EFN Asia panel at Jeju Forum 2017

The Economic Freedom Network (EFN) Asia participated once more at the annual Jeju Forum for Peace and Prosperity, a big international conference held at Jeju Island, S. Korea. I am reposting this report submitted to the organizers within an hour after the panel discussion. Originally posted at the EFN website.

I add two photos here, taken from EFN’s fb page. From left: Wan, John, Razeen, Young-Han.


This is 3,200+ words, 7 pages, enjoy.

Session Outline

Name of Session: Asia’s Contribution to the Global Open Market
Session Organizer: Friedrich Naumann Foundation for Freedom
Date: 1 June 2017, 14.50-16.20
Moderator: Dr.

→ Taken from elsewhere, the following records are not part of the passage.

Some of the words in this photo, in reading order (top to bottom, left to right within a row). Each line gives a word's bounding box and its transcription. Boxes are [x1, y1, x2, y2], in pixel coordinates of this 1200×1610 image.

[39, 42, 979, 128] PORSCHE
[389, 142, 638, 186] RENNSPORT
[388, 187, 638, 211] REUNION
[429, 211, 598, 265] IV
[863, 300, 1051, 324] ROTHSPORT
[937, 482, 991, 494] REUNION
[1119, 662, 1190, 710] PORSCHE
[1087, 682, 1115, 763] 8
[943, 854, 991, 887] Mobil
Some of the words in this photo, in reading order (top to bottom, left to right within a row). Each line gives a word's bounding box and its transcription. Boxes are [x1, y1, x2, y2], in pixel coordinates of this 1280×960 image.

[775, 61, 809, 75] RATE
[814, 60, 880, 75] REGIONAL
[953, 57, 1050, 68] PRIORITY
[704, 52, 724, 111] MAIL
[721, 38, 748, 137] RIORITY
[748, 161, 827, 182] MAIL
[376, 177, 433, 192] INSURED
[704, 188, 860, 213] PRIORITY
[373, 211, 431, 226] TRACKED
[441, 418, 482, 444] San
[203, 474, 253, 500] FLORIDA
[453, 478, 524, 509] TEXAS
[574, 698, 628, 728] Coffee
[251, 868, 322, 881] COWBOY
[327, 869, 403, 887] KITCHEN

John Delury, Associate Professor, Graduate School of International Studies, Yonsei University
Welcoming Remarks: Dr. Lars-André Richter, Head Friedrich Naumann Foundation for Freedom Korea Office


Dr. Razeen Sally, Associate Professor,
Lee Kuan Yew School of Public Policy, National University of Singapore

Wan Saiful Wan Jan, Chief Executive
Institute for Democracy and Economic Affairs, Malaysia

Dr. Kim Young-Han, Professor, Department of Economics, Sungkyunkwan University

Summary of Presenters & Discussants’ Remarks

Dr. Lars-Andre Richter

Friedrich Naumann Foundation (FNF) is a German non-profit organization, founded in 1958 post-war West Germany. The main goal at the time was to help re-establish democracy in West Germany. Shortly after, FNF opened offices abroad, including in Tunisia, India and Indonesia. The office in Korea was opened in 1987. We promote liberty in Korea through a variety of programs including democracy building, projects with market economy, human rights, rule of law and also the re-unification issue, bringing in the unique German experience of re-unification. In fact, FNF has projects in both Koreas. The North Korea program started in 2004, focusing on economic policy. The session today at the Jeju Forum is hosted by both FNF and Economic Freedom Network Asia (EFN Asia), FNF support’s network of liberal minded think tanks and individuals.

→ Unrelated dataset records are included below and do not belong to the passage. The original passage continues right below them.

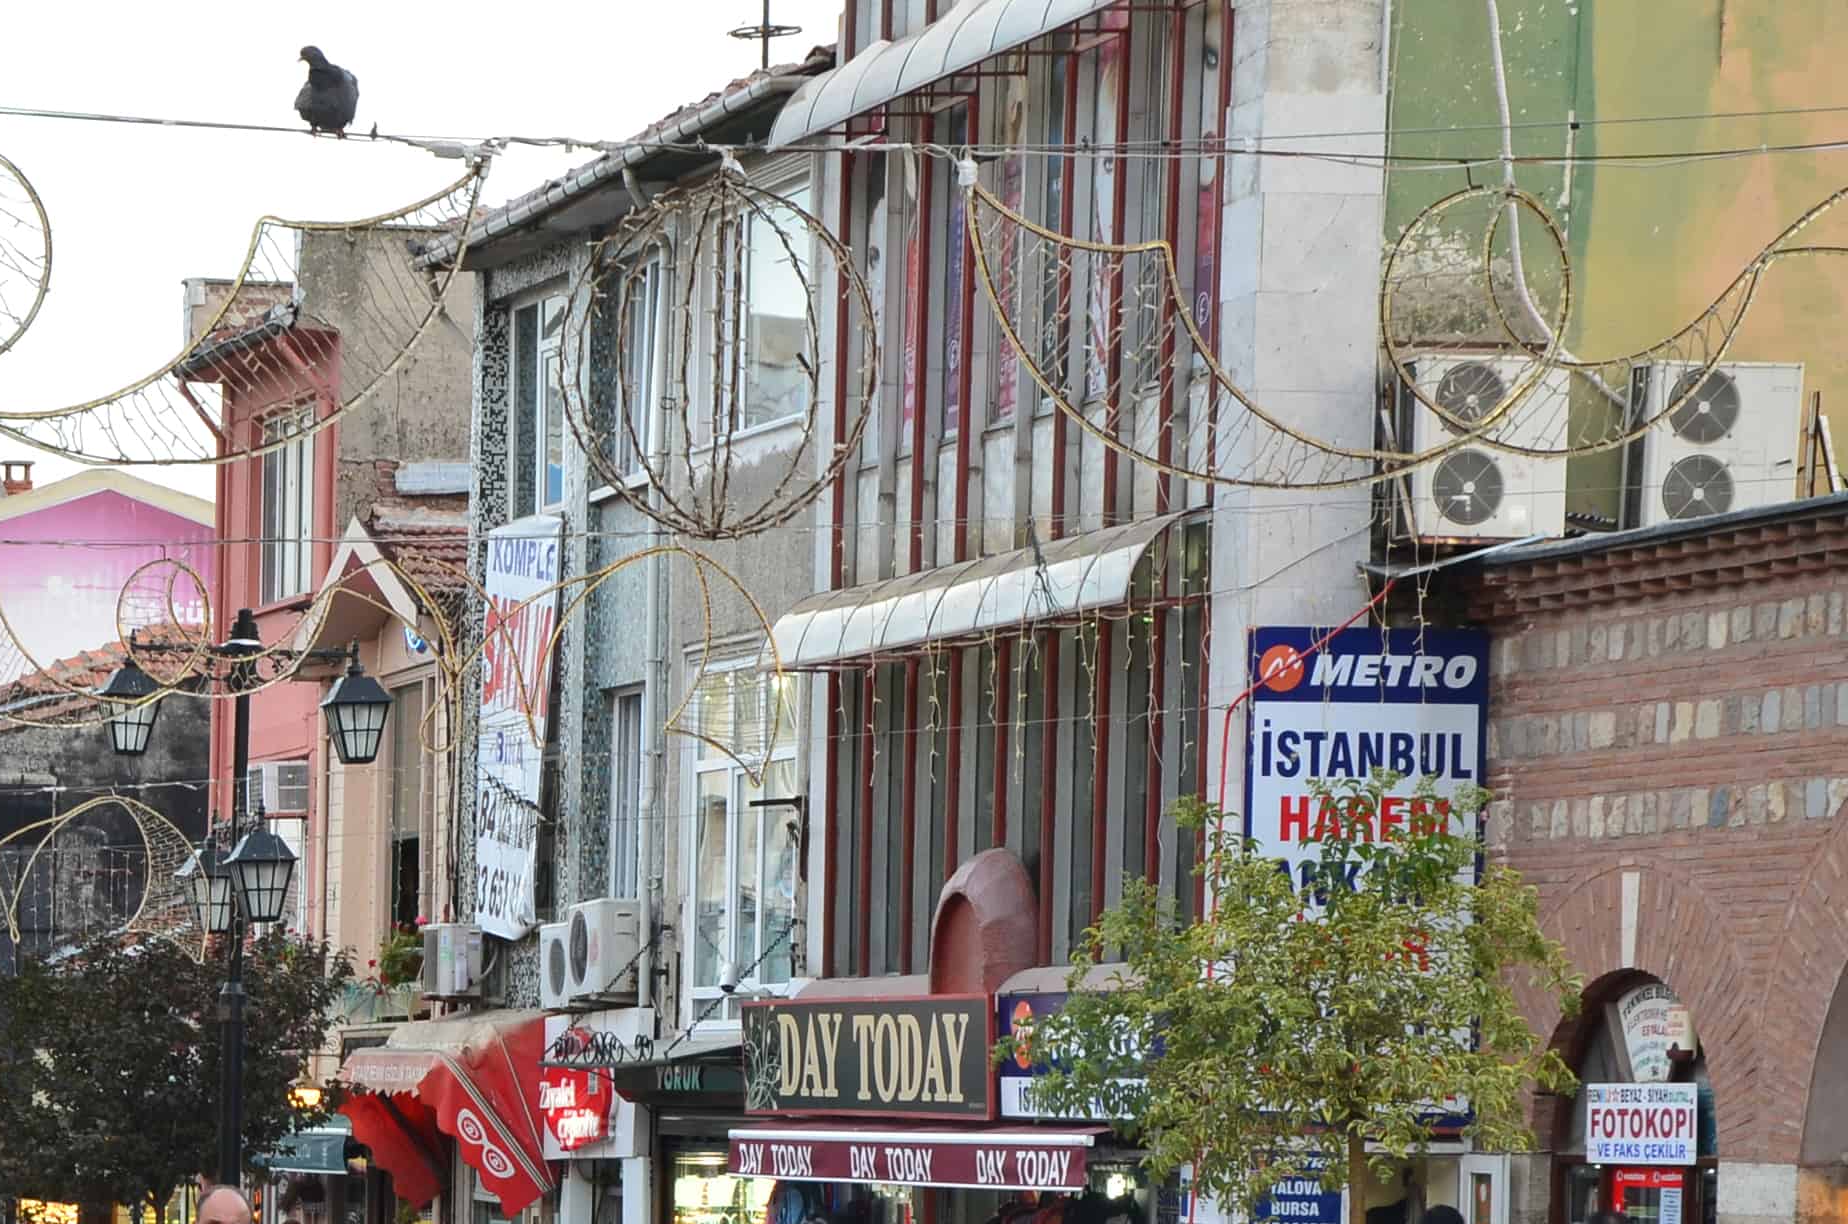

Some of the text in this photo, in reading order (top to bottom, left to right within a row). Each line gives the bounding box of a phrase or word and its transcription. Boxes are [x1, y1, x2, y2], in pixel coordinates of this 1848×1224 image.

[1309, 653, 1478, 690] METRO
[1261, 718, 1473, 780] İSTANBUL
[777, 1013, 843, 1098] DAY
[853, 1012, 970, 1104] TODAY
[738, 1143, 813, 1176] DAY TODAY
[849, 1145, 933, 1182] DAY TODAY
[975, 1149, 1071, 1186] DAY TODAY
[1597, 1143, 1611, 1158] VE
[1614, 1142, 1641, 1158] FAKS
[1271, 1201, 1320, 1217] BURSA

efn2(From left: Wan, John, Razeen, Lars, Young-Han)

Dr. Kim Young-Han

Threat of the Protectionism by the US Trump Presidency

– Why Protectionism by the Billionaire US President?

Trump thinks that the current format of ‘the Global Open Market System’is unbearable and unsustainable for the US blue collar workers. Are US blue collar workers simply irrational? No, they are absolutely rational.

– The US blue collar workers know that there is not and will not be an effective trade adjustment assistance system in the US. Winners get everything with no room for losers in global open market according to the US experiences. (The same with the Brexit case.)

– How much of a threat caused by the Trumpian Protectionism?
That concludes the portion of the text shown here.